CHRONIQUES DE LAURENCE JAMOTTE

10 Avril 2000-Belgique: lorsque les "flics" déraillent...
Vendredi, quelque 900 gendarmes ont manifesté à Bruxelles, la capitale belge, pour protester contre l’accord de principe sur le futur statut policier, auquel étaient parvenus le ministre de l’Intérieur et les quatre syndicats reconnus des policiers, gendarmes et péjistes.
Bien que le cortège était globalement calme, des incidents ont gravement terni la manifestation. Deux automobilistes ont en effet été malmenés par les forces de l’ordre. La cause de l’incident ne semble pas pouvoir excuser les gendarmes. Bloqués dans leur voiture et dans la manifestation, les victimes, deux jeunes hommes, d’origine étrangère, ont klaxonnés afin de continuer leur route.
La réponse ne s’est fait attendre. Le coup de klaxon, mais on peut aussi sans doute ajouter le faciès des automobilistes, ont provoqué la colère tout à fait démesurée d’un manifestant puis de plusieurs de ses confrères.

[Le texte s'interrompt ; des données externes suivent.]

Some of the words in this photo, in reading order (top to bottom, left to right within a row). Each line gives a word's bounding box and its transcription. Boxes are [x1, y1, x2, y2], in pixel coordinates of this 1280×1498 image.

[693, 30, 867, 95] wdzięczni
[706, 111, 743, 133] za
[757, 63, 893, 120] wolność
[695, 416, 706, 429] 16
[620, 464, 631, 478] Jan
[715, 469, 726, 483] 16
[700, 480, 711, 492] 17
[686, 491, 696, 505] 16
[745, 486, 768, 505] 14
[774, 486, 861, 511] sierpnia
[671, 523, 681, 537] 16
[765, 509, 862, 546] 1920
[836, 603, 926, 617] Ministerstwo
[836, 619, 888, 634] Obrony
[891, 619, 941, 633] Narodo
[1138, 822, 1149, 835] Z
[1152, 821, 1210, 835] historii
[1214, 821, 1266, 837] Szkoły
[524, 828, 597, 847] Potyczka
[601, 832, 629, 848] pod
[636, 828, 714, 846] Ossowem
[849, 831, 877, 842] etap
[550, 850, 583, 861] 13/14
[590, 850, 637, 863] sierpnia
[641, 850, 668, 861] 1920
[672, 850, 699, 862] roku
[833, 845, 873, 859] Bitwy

Visiblement, selon les images de la scène, diffusées par la chaîne de télévision francophone privée (RTL-TVI), et les témoignages des victimes, les « flics » échaudés par les bières qu’ils avaient engloutis et excités par le malaise qui ronge leur profession, s’en sont pris violemment et d’une manière scandaleuse aux deux automobilistes.
Alors que l’image de marque des forces de police avait déjà fortement souffert lors de l’affaire Dutroux, puis lors du décès de Sémira Adamu, alors que les "flics" sont extrêmement mal perçus par les jeunes, et en particulier auprès des jeunes d’origine étrangère, la démonstration de force, que toute la Belgique a pu voir au journal télévisé, a encore agrandi le fossé.

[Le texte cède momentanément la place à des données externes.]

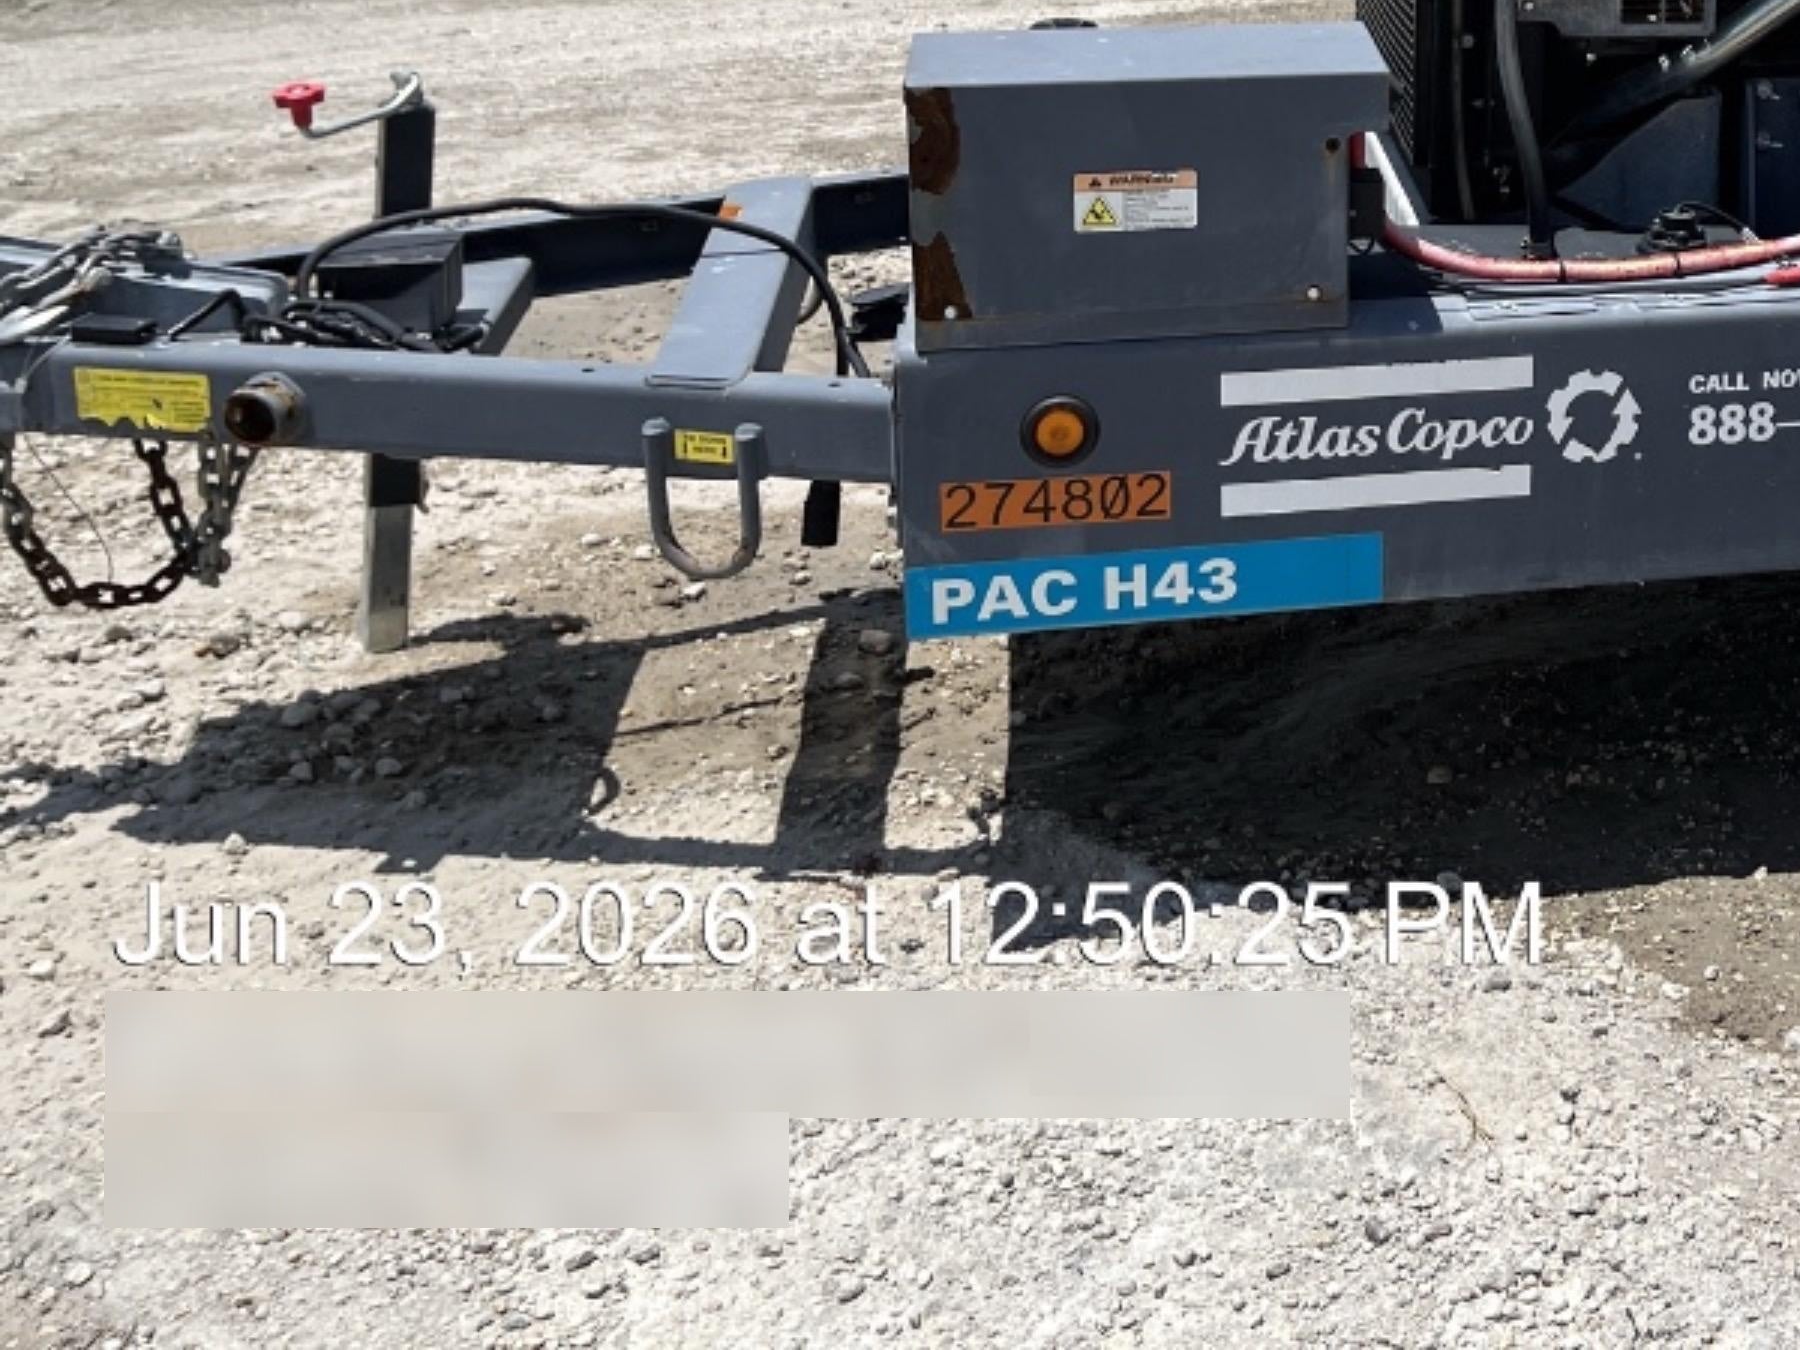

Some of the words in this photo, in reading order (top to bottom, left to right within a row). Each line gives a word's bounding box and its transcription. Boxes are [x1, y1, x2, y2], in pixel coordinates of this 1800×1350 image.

[1688, 371, 1750, 394] CALL
[1217, 415, 1381, 466] Atlas
[1386, 407, 1535, 461] Copco
[943, 472, 1169, 530] 274802
[931, 569, 1079, 625] PAC
[1103, 557, 1239, 611] H43

Certes, l’incident n’est peut-être qu’un phénomène isolé, non représentatif du travail qu’effectuent chaque jour les forces de l’ordre. Certes, il ne faut pas céder à la diabolisation. Mais les pouvoirs publics devraient s’inquiéter sérieusement des éléments racistes qui "œuvrent" au sein de la gendarmerie et de la police.
L’information n’est pas vraiment neuve. L’on sait depuis quelque temps déjà que certains membres des corps de police et de gendarmerie usent de leur képi pour procéder à des actes qui n’ont rien à voir avec ce pourquoi ils ont été engagés. Peut-on par ailleurs considérer que Johan Demol, ancien commissaire désormais « homme politique » au service du Vlaams Blok, un parti xénophobe et d’extrême droite, n’est qu’une exception ?

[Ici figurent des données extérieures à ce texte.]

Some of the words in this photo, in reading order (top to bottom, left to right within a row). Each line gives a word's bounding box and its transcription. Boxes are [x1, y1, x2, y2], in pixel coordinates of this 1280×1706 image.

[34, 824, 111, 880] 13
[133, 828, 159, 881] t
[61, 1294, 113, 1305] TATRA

En tous cas, suite à l’incident de la semaine dernière, il sera encore davantage complexe de convaincre les jeunes de respecter la loi quand les représentants de celle-ci la bafouent à la première occasion. Il sera difficile de leur faire croire que les "flics" représentent surtout un service d’aide à la population.
La démonstration de force, commise vendredi par quelques "flics" révèle un malaise et jette le discrédit sur toutes les forces de police. Quand quelques flics déraillent, c’est toute la profession qui en prend un coup et surtout tous les jeunes qui commettent un délit de sale gueule...

©Laurence Jamotte, 2000.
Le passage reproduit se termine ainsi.